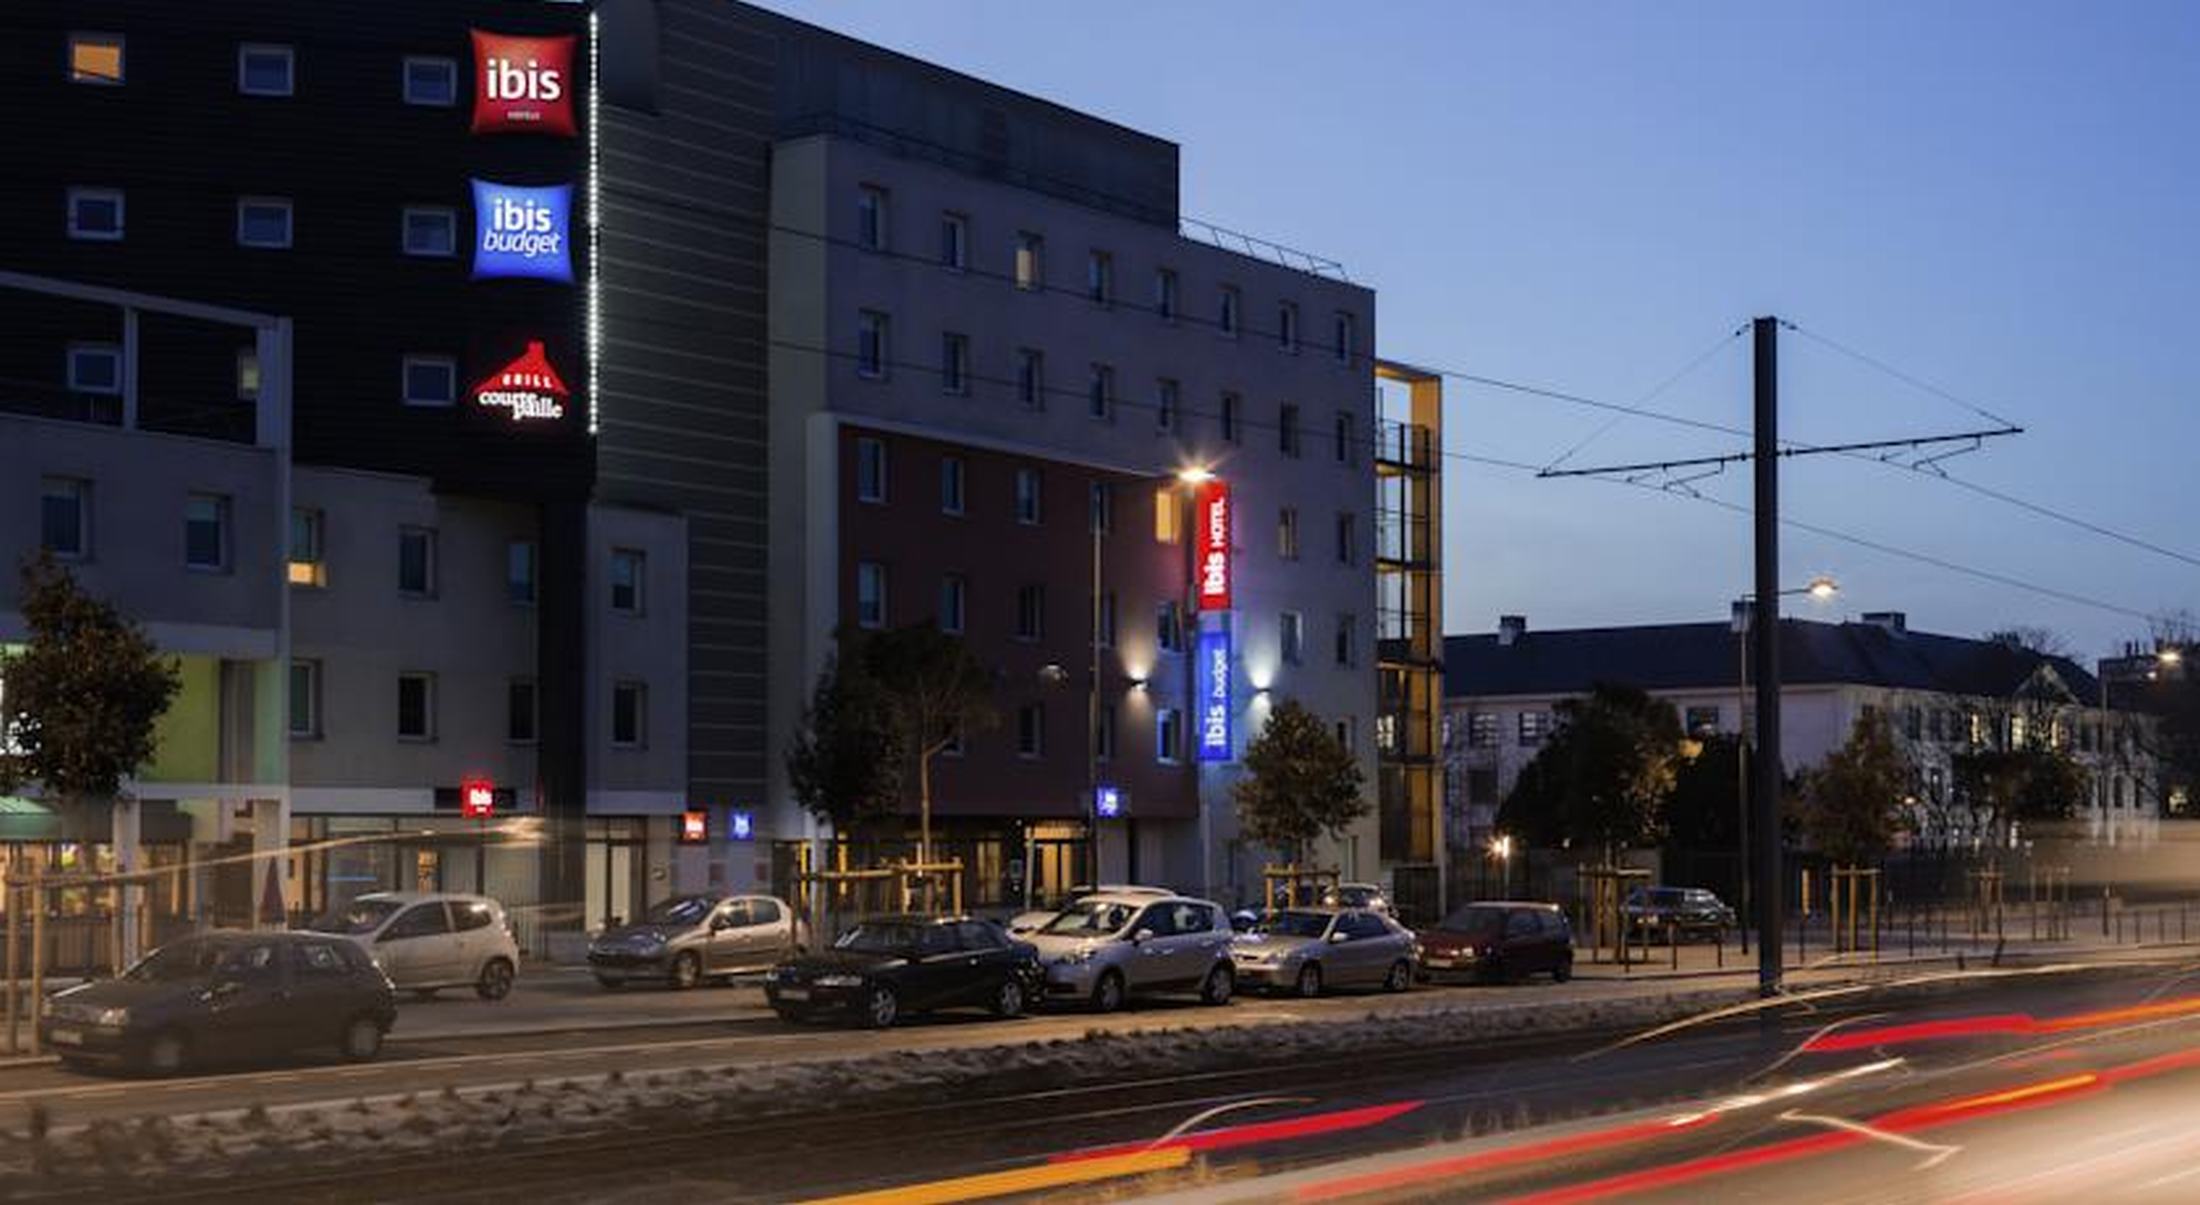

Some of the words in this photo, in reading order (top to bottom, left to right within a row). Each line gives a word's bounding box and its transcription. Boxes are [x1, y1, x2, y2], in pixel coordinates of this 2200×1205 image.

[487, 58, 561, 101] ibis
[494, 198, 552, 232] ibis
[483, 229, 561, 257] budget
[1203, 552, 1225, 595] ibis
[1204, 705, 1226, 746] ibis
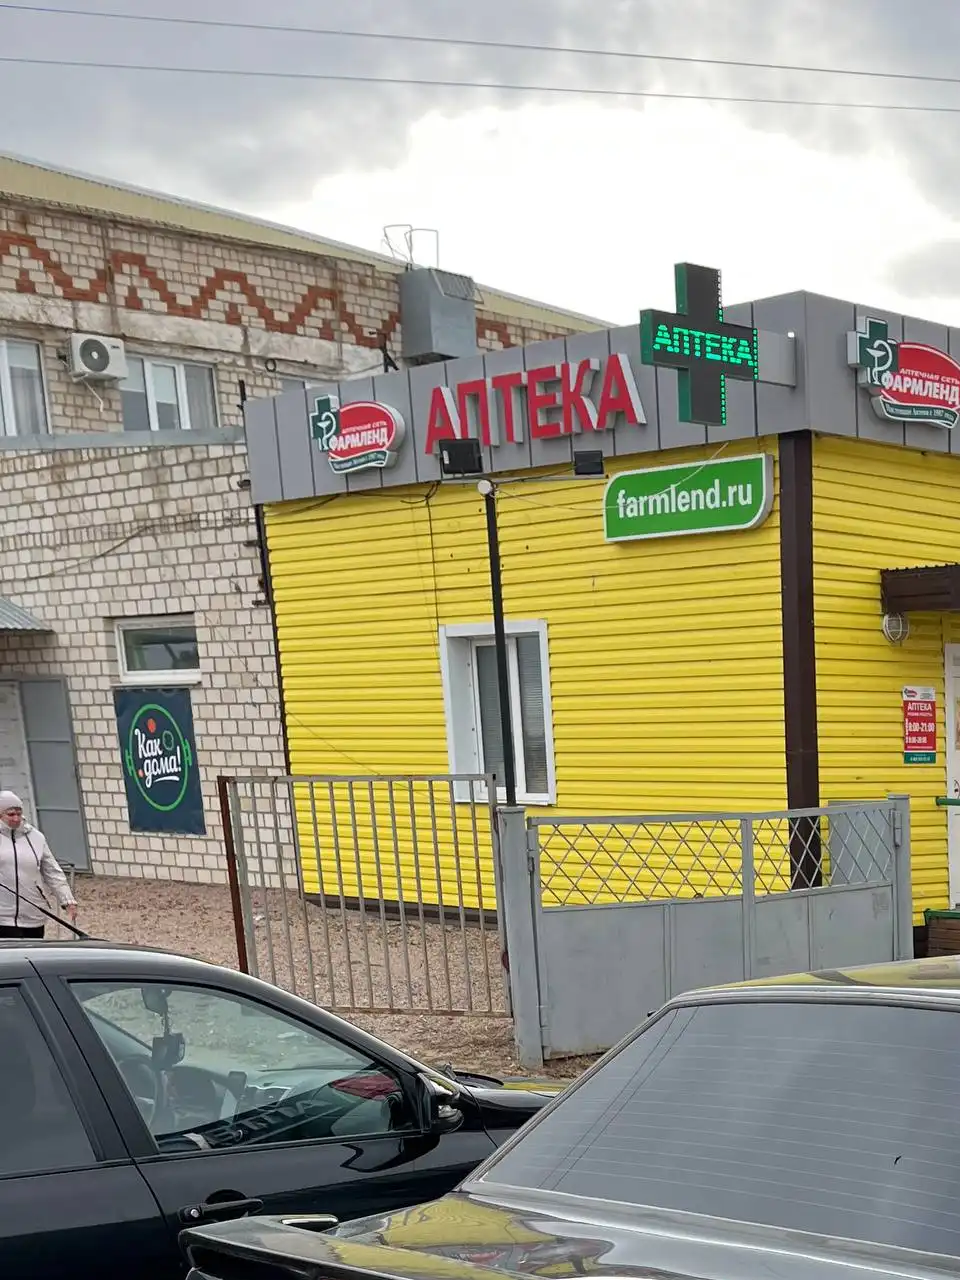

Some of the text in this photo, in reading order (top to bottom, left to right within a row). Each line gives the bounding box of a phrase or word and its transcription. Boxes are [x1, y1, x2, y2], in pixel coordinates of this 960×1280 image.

| Exercise directions |
Pictures stay out; the entries above are to be output exactly as given.

| Answer for the task |
Some of the words in this photo, in reading order (top to bottom, left to right within a row). Each line gives a word's bounding box and its transcription. Boxes are [x1, y1, x2, y2], in pixel coordinates of this 2200×1205 image.

[487, 58, 561, 101] ibis
[494, 198, 552, 232] ibis
[483, 229, 561, 257] budget
[1203, 552, 1225, 595] ibis
[1204, 705, 1226, 746] ibis

Some of the text in this photo, in reading order (top to bottom, left to right within a row). Each line gives the bounding box of a phrase or word and its transcription. Boxes are [x1, y1, x2, y2], in pixel coordinates of this 960×1280 image.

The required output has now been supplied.